Hot asphalt, rotting garbage, and the tang of days-old sweat radiating all the way from the dude currently eye-fucking me from across the street.
I keep my gaze locked straight ahead, fingers tightening around the strap of my duffel bag.
My scrubs stick to my back like a second skin. They’re damp from twelve hours of running codes, stitching gashes, and swallowing every catcall of “Hey, sweet thing” that various drunk assholes keep hurling my way as I try to hurry home for Eli’s bedtime.
Sweet thing. The words slither down my spine, oily and familiar.
Brad used to call me that.
Brad, with his whiskey breath and knuckles like sandpaper.
Brad, who’d whisper, “C’mere, sweet thing” right before—
Nope. Not today, Satan.
I blink hard, shove that unwanted memory back into its coffin, and pick up my pace.

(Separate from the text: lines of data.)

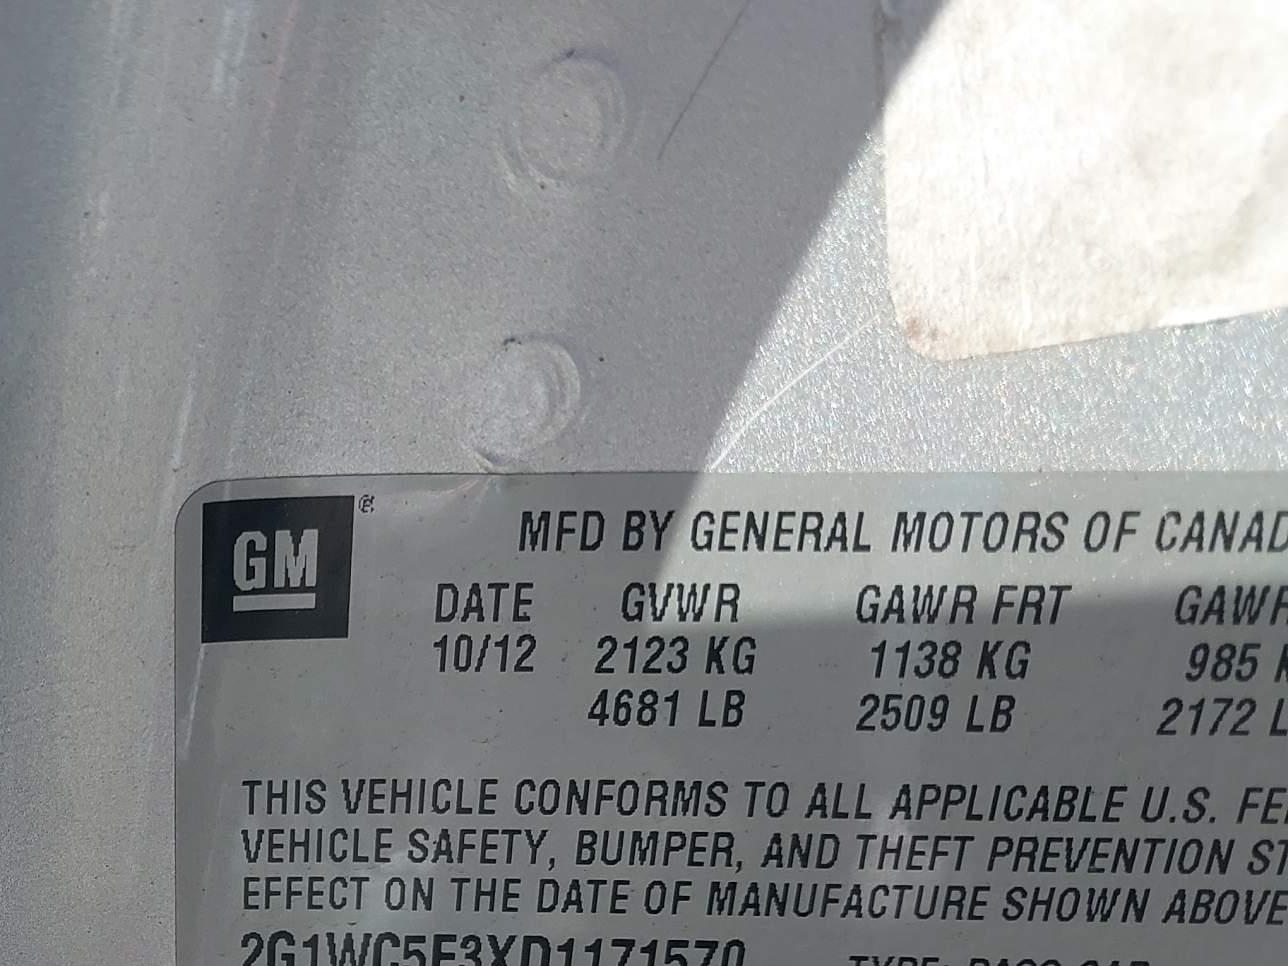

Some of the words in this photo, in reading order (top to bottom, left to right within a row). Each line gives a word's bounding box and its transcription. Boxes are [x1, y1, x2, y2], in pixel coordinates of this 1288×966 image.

[519, 511, 604, 551] MFD
[623, 510, 676, 551] BY
[691, 511, 870, 552] GENERAL
[892, 511, 1069, 552] MOTORS
[1084, 511, 1141, 552] OF
[233, 529, 319, 591] GM
[435, 583, 533, 622] DATE
[622, 582, 740, 622] GVWR
[856, 585, 977, 624] GAWR
[992, 585, 1072, 625] FRT
[434, 634, 536, 672] 10/12
[595, 636, 689, 673] 2123
[705, 636, 756, 674] KG
[872, 640, 961, 678] 1138
[977, 641, 1031, 679] KG
[1186, 643, 1260, 681] 985
[588, 689, 679, 726] 4681
[699, 690, 745, 727] LB
[856, 694, 949, 731] 2509
[966, 695, 1015, 732] LB
[1157, 697, 1256, 735] 2172
[242, 779, 326, 815] THIS
[342, 779, 498, 814] VEHICLE
[515, 779, 728, 816] CONFORMS
[745, 782, 789, 817] TO
[805, 783, 872, 819] ALL
[889, 784, 1127, 822] APPLICABLE
[1141, 787, 1215, 823] U.S.
[1237, 788, 1288, 824] FE
[241, 828, 392, 863] VEHICLE
[408, 829, 556, 871] SAFETY,
[576, 830, 744, 871] BUMPER,
[761, 833, 840, 868] AND
[856, 835, 974, 871] THEFT
[988, 837, 1235, 874] PREVENTION
[244, 877, 369, 909] EFFECT
[385, 877, 433, 911] ON
[451, 878, 521, 912] THE
[537, 879, 630, 913] DATE
[644, 881, 692, 914] OF
[707, 882, 990, 920] MANUFACTURE
[1002, 887, 1150, 922] SHOWN
[1162, 889, 1288, 925] ABOVE
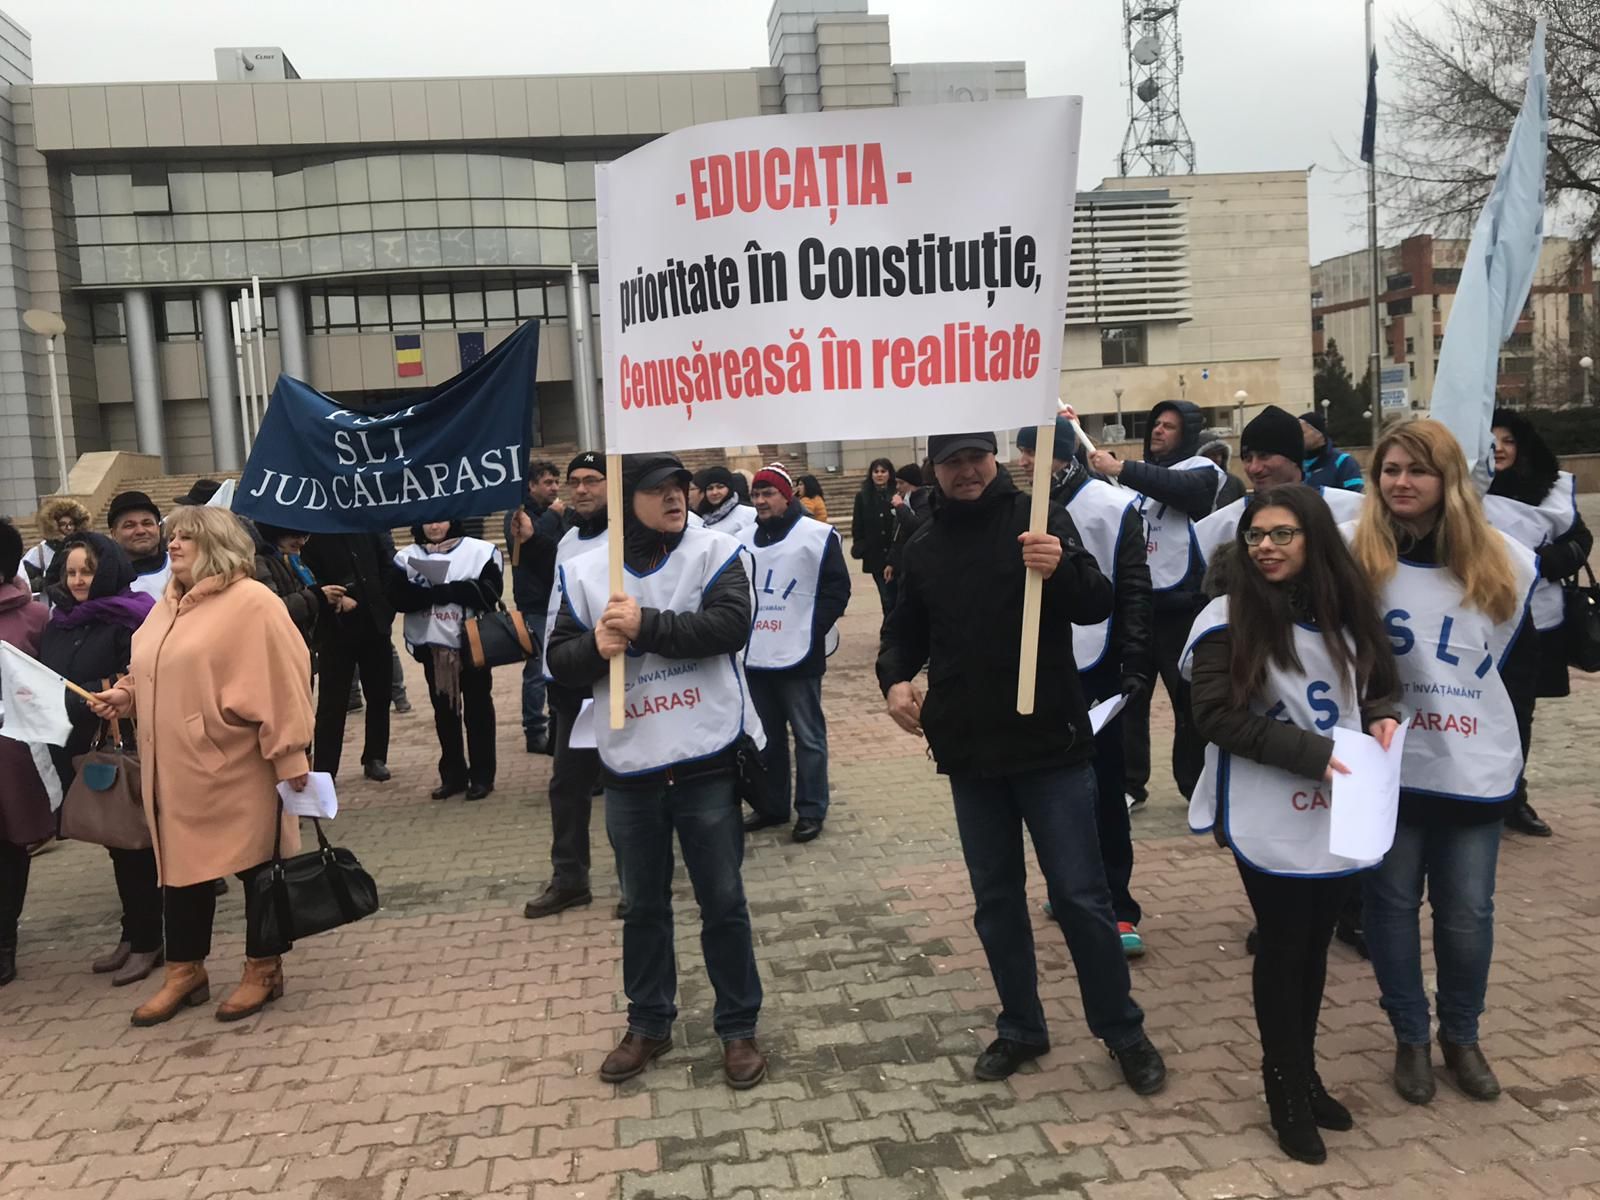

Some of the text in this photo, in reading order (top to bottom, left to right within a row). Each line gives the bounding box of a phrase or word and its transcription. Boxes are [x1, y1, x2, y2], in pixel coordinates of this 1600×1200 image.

[690, 142, 889, 226] EDUCAȚIA
[619, 225, 1042, 333] prioritate în Constituție,
[620, 321, 1041, 421] Cenușăreasă în realitate
[334, 426, 405, 465] SLI
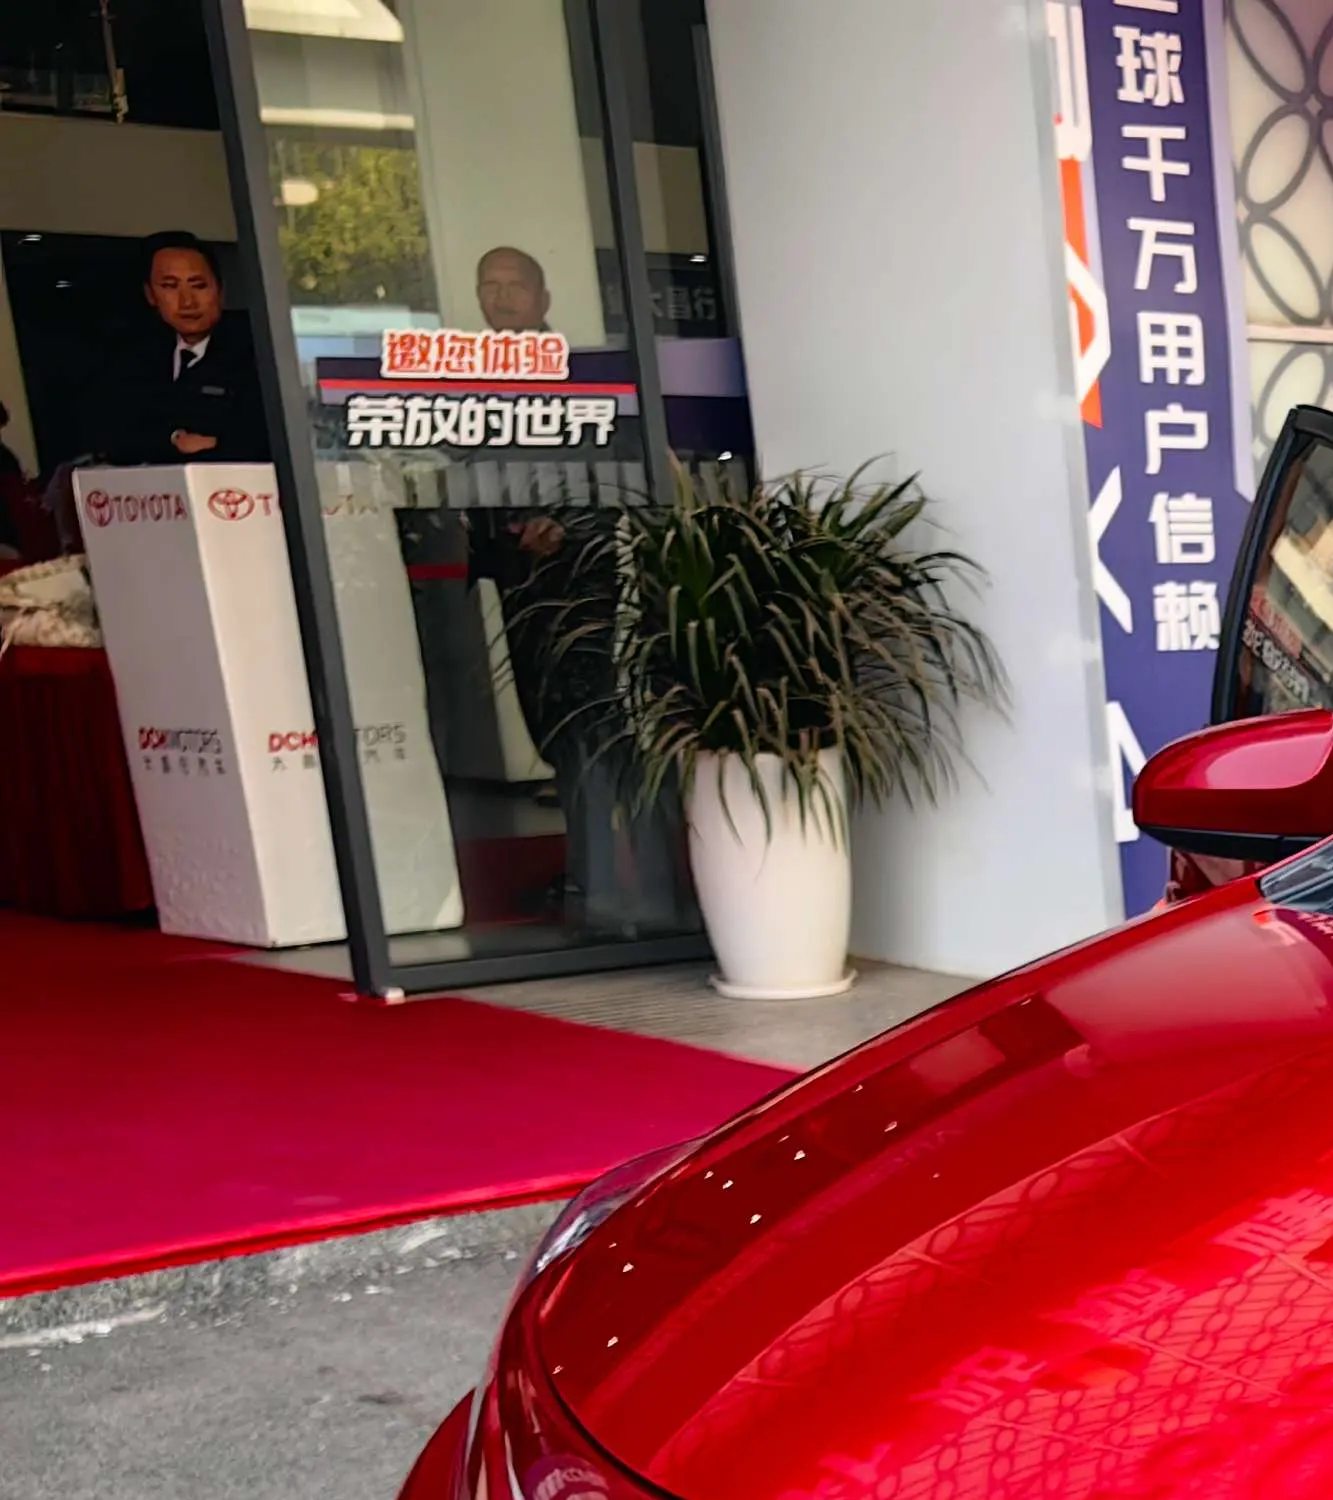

My sneakers slap against cracked concrete, dodging potholes and piles of dog shit. The dollar store on the corner blares reggaeton. Overhead, a dying neon sign whines like a wasp.
A group of teens loitering outside the bodega whistle as I pass. One of them yells, “Damn, ma, you workin’ out or you workin’?”
I do manage to keep my middle finger holstered, but it’s a very close call.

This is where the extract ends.